Milling with the crowd of Christmas week visitors entering the Dali Museum on the waterfront in St. Petersburg, Florida, we wind our way up the museum’s iconic spiral staircase – described as a nod to surrealist Salvador Dali’s fascination with DNA. The staircase ends on the third floor where there is a permanent Dali collection and a current exhibit featuring “the most celebrated female artist,” Frida Kahlo.
The pair seems more than a match, enduring the war years and shimmering as stars of an avant garde art world. Museum photos document their mid-20th Century lives – revealing threads between celebrity and daring explorations the artists made of private struggles.

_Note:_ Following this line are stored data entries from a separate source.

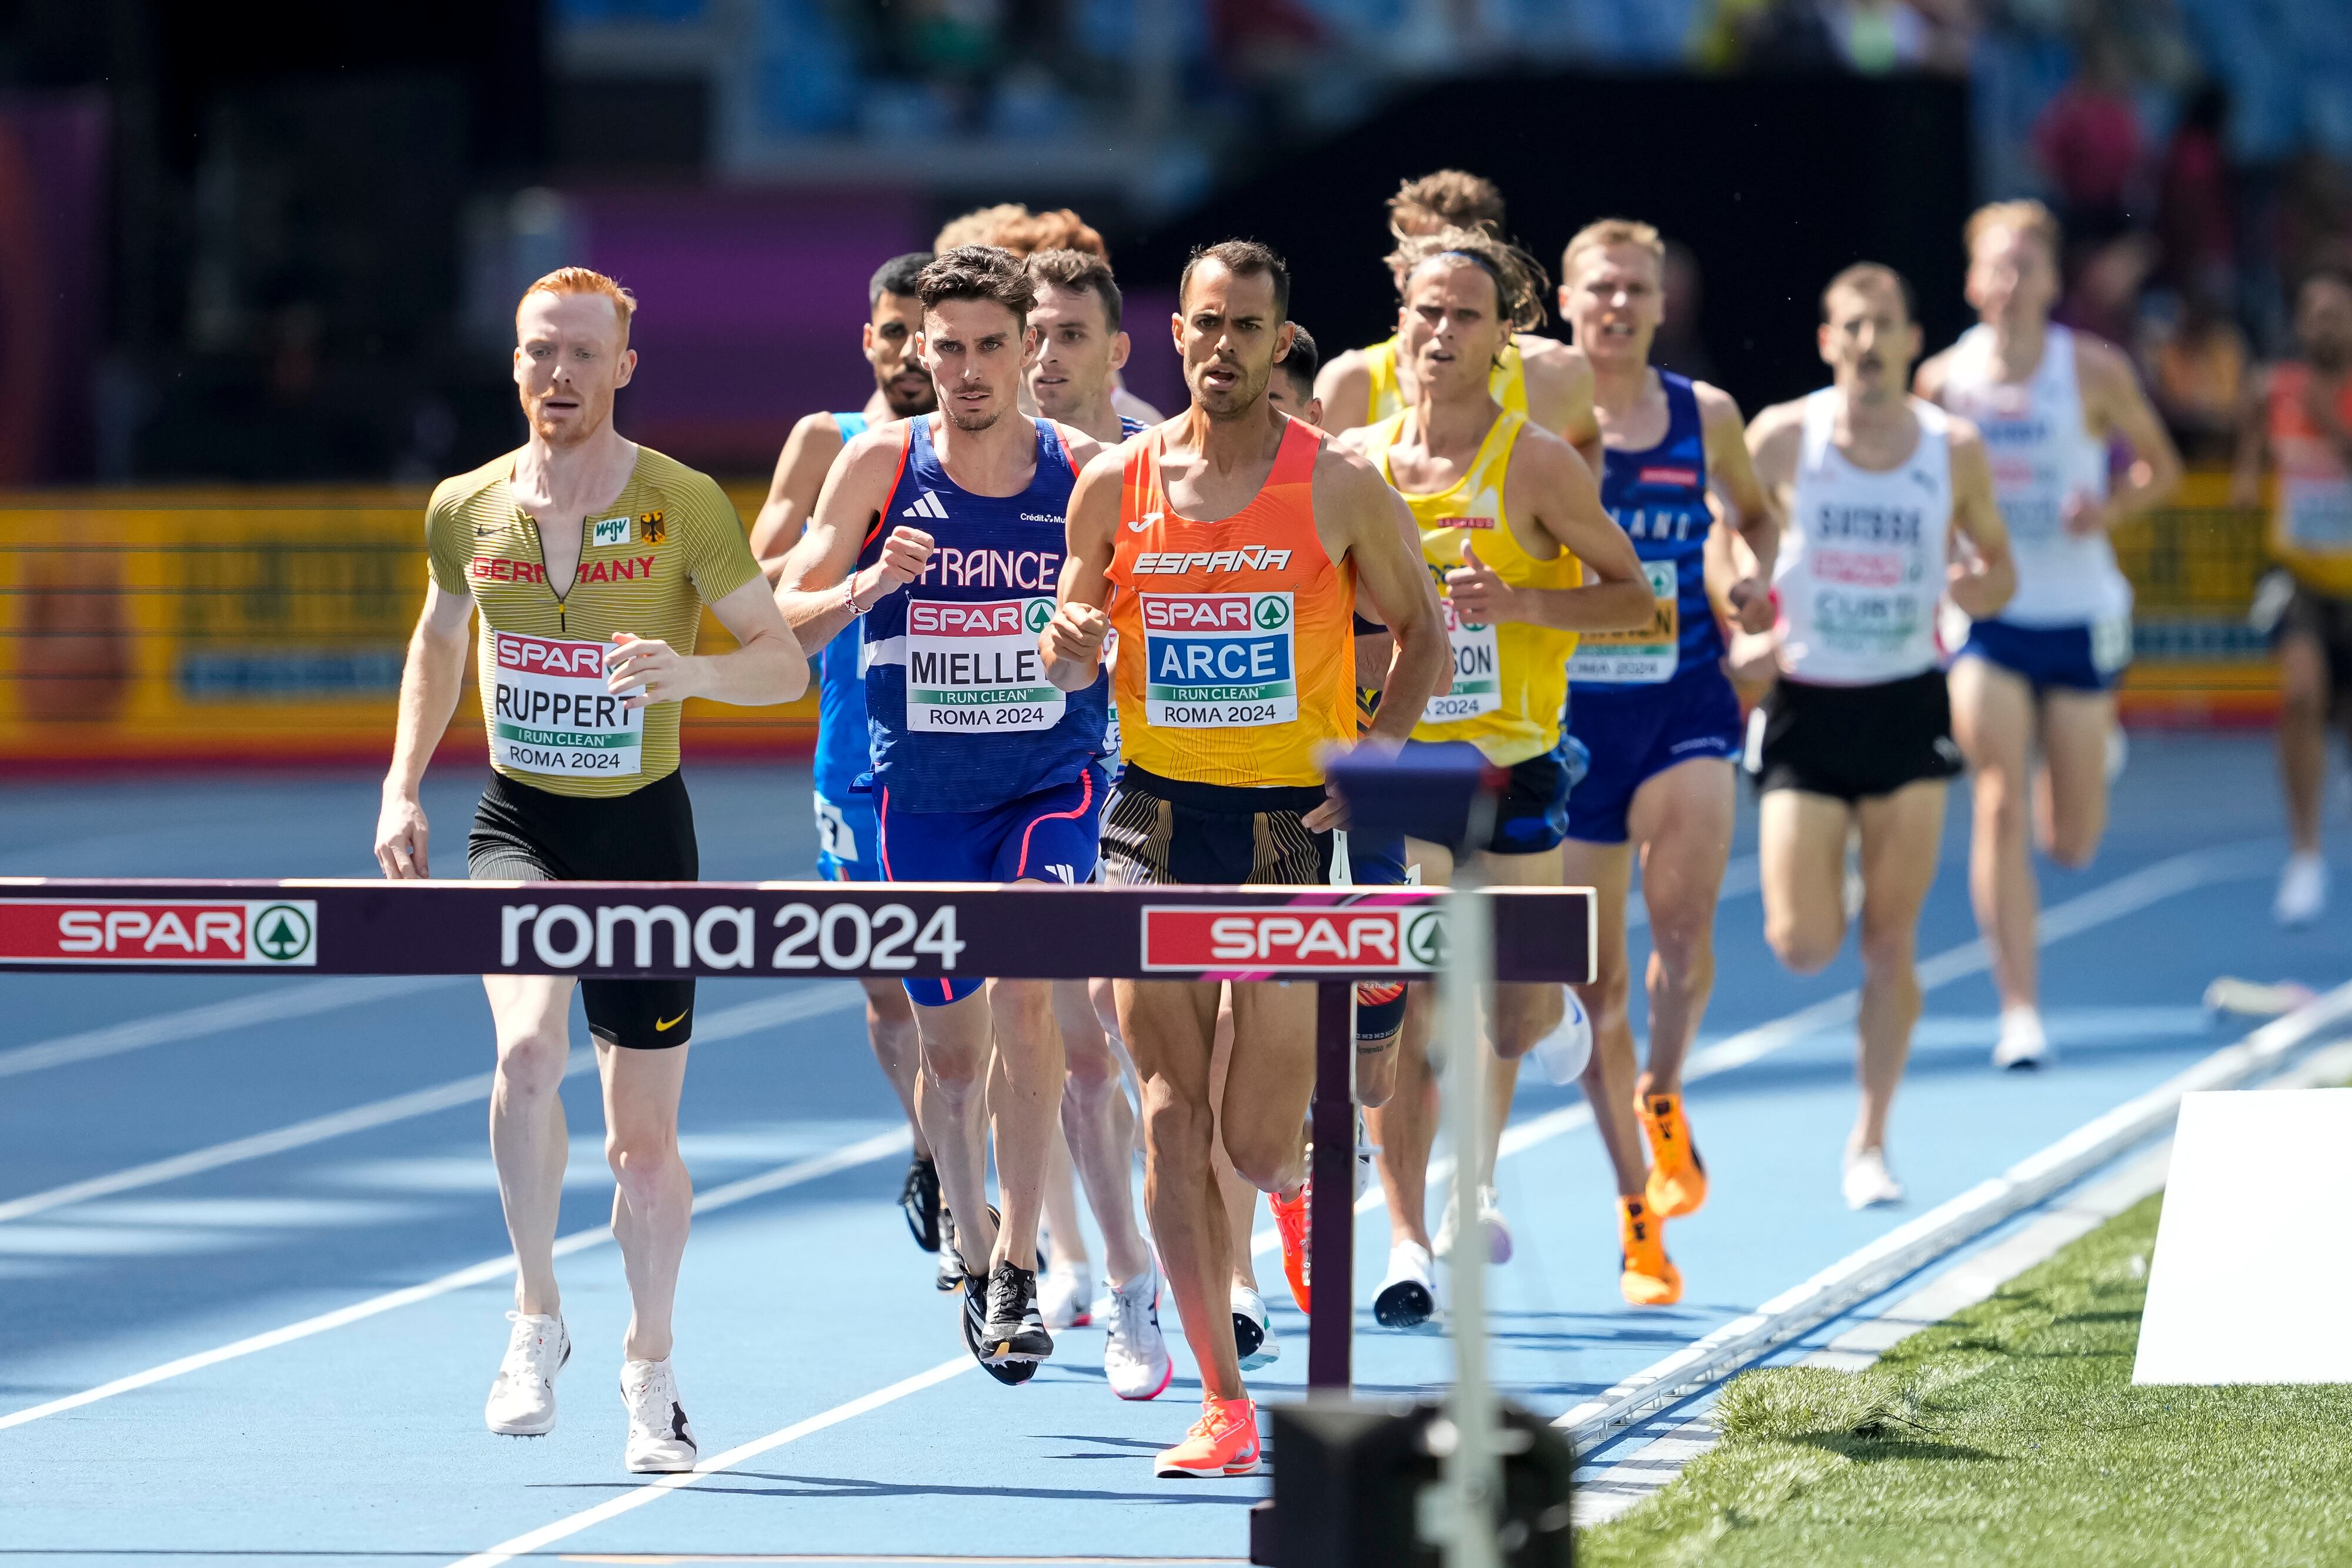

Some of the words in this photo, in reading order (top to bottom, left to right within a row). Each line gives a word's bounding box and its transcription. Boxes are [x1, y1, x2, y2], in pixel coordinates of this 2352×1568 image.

[1020, 513, 1044, 522] Crédit
[1054, 516, 1066, 524] Mu
[473, 555, 655, 584] GERMANY
[920, 548, 1059, 590] FRANCE
[1132, 544, 1293, 574] ESPAÑA
[913, 607, 1020, 631] SPAR
[1147, 601, 1248, 627] SPAR
[499, 638, 600, 674] SPAR
[912, 648, 1049, 684] MIELLE
[1160, 641, 1276, 679] ARCE
[496, 684, 636, 727] RUPPERT
[940, 693, 944, 703] I
[947, 692, 977, 703] RUN
[1179, 688, 1208, 700] RUN
[1434, 699, 1479, 714] 2024
[930, 709, 991, 726] ROMA
[996, 707, 1044, 724] 2024
[1165, 706, 1223, 723] ROMA
[1228, 704, 1276, 723] 2024
[518, 729, 522, 740] I
[524, 730, 553, 744] RUN
[510, 746, 566, 768] ROMA
[572, 753, 620, 768] 2024
[58, 910, 242, 953] SPAR
[501, 904, 755, 969] roma
[772, 902, 966, 971] 2024
[1210, 917, 1396, 960] SPAR

The entrance to the Kahlo exhibit is a wall of densely packed, colorful flowers that reflects the persona of a Mexican artist known for a passion for the natural world. With her arched, thick eyebrows that seem to form a single brow across her temple, Frida’s face appears in much of her art. We soon learn that passion seemed to have sustained her through immense physical pain and mental anguish before her death at 47.

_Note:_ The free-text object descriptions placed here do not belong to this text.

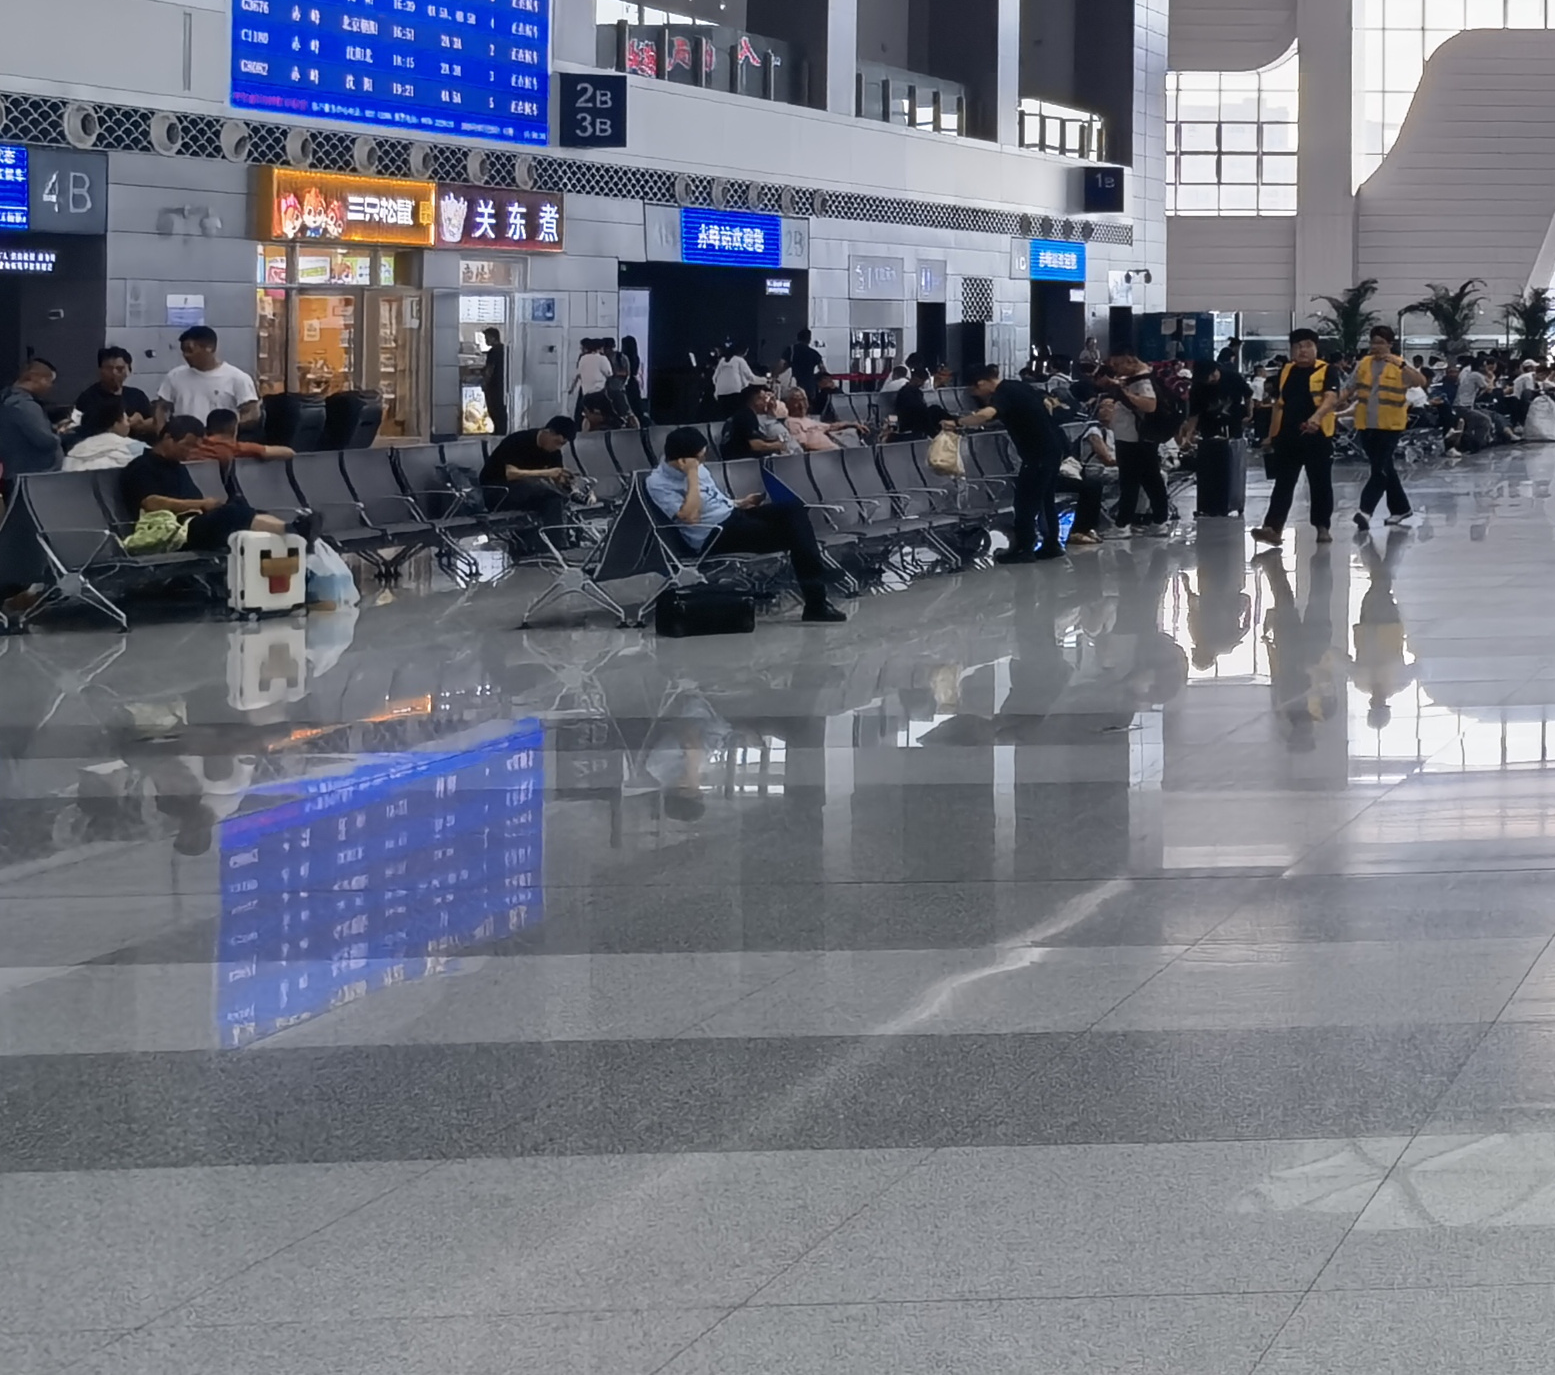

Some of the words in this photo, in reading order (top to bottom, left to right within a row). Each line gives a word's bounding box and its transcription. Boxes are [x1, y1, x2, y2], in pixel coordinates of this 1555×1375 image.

[575, 83, 612, 108] 2B
[575, 113, 612, 137] 3B
[43, 170, 92, 214] 4B
[1096, 172, 1115, 189] 1B
[347, 197, 414, 225] 三只松鼠
[471, 199, 559, 242] 关东煮

Frida’s will is startling, considering the paintings and drawing of so many anguished turning points in her life. This is especially affecting when one pivots from a charming painting of the young adult Frida as a passenger aboard a city bus to a nearby drawing depicting an horrific accident that broke her body and threatened to break her spirit.
As if this torturous period wasn’t enough, years earlier, Frida endured the trauma of polio. Yet, illustrated pages of her childhood dream diary line a wall of the exhibit space and convey inward journeys Frida took to awaken what she called “her unencumbered self” - a part of her being untouched by her pain and driven to create.

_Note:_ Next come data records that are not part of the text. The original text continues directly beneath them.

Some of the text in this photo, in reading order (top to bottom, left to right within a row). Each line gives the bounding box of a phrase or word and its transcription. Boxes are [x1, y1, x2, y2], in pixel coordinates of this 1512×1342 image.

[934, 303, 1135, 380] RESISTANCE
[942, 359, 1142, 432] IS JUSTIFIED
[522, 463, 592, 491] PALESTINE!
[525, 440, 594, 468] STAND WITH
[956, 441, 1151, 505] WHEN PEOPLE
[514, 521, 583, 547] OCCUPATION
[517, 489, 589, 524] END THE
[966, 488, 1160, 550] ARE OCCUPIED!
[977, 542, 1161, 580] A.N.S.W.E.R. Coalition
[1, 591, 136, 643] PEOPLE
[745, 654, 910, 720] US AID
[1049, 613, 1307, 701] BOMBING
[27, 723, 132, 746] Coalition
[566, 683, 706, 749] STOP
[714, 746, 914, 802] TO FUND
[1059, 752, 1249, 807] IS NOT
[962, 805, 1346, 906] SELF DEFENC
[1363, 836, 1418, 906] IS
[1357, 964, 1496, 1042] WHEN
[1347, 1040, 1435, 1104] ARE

Add to this her lifelong sorrow at being unable to bear a child and other suffering quintessentially feminine, and this viewer is left with more than a twinge of empathy. Still, Frida rises – as if on wings - and that may be the most important point of all.
At the end of the exhibit, we spiraled down the staircase and outdoors to the museum’s garden display of potted succulent and flowering plants reminiscent of those the artist cultivated. Inside and out, a marvel of Frida’s steel will to create - come what may – and manifest her reverence for nature.
I am taken by the notion of awakening an unencumbered self, especially when haunted by the memory of the disastrous 2016 presidential election and the prospect of chaos to come. Though the present reality does not rival the suffering Frida overcame, a sense of foreboding begs to be addressed from a place of calm.
What is a creative life, if not a refusal to settle for what appears to be real and a determination to make it what you will? To that end, I approach 2017 as I have any other year - as the 19th Century Transcendentalist Henry David Thoreau proposed: “If you advance confidently in the direction of your dreams and endeavor to live the life you imagine, you will meet with a success unknown in common hours.”
Henry’s words are like Frida’s paintings; far better than the life proposed by a reckless few who today appear to be assuming power over us – like an horrific accident or inescapable scourge - mindless of the pain they will inflict.
The future must be fashioned by the unencumbered self. I wish you well, dear reader, in discovering your place of calm and – come what may - pursuing your dreams.